[Spatial localization data]
+ + + +

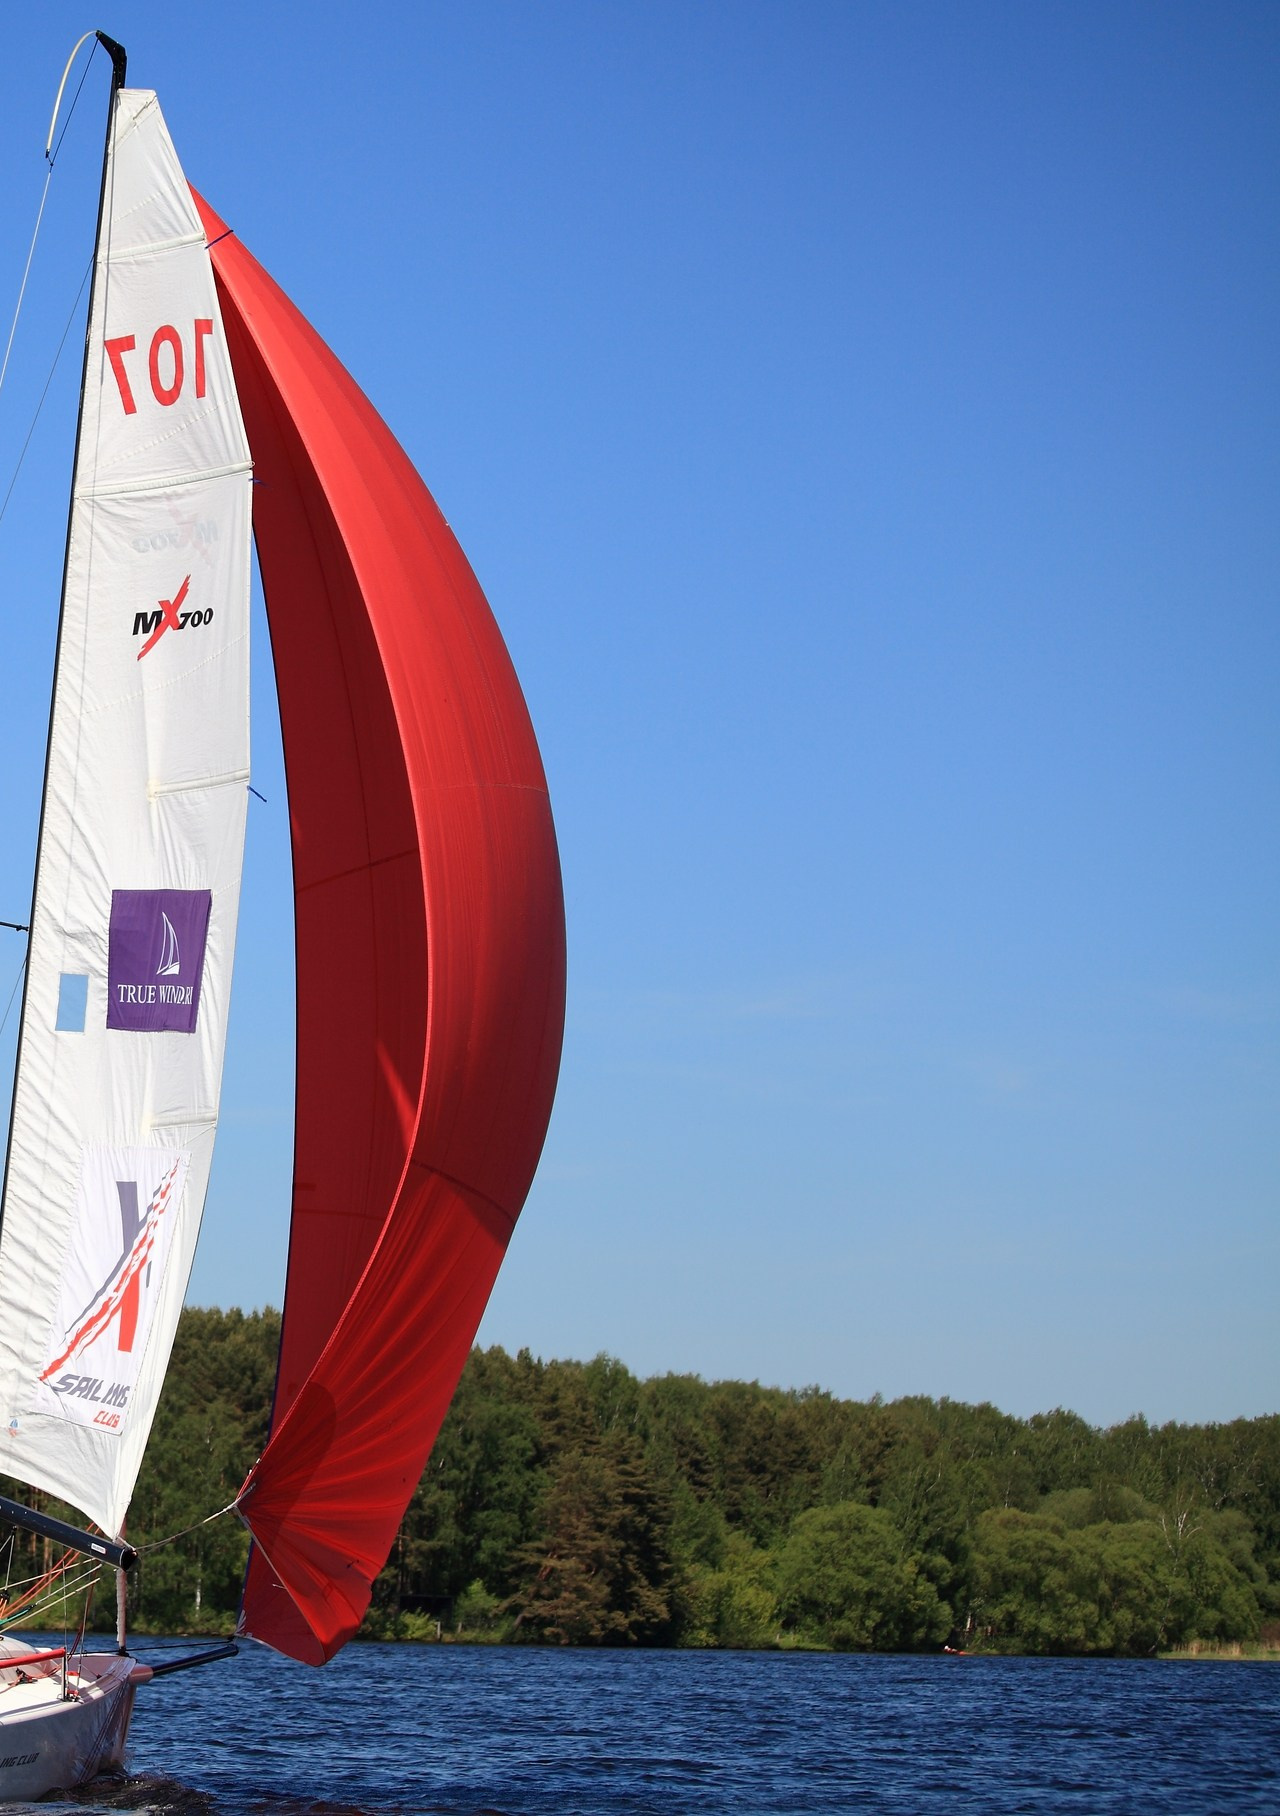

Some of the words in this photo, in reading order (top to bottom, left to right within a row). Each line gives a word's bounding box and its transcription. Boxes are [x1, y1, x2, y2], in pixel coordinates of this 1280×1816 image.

[132, 574, 214, 661] MX700
[117, 984, 157, 1004] TRUE
[52, 1373, 131, 1409] SAILING
[93, 1410, 121, 1429] CLUB

+ + + +

Leave out the pictures, then copy all the remaining text in the records exactly.

Some of the words in this photo, in reading order (top to bottom, left to right within a row). Each line gives a word's bounding box and its transcription. Boxes are [x1, y1, x2, y2], in pixel coordinates of this 1280×1816 image.

[132, 574, 214, 661] MX700
[117, 984, 157, 1004] TRUE
[52, 1373, 131, 1409] SAILING
[93, 1410, 121, 1429] CLUB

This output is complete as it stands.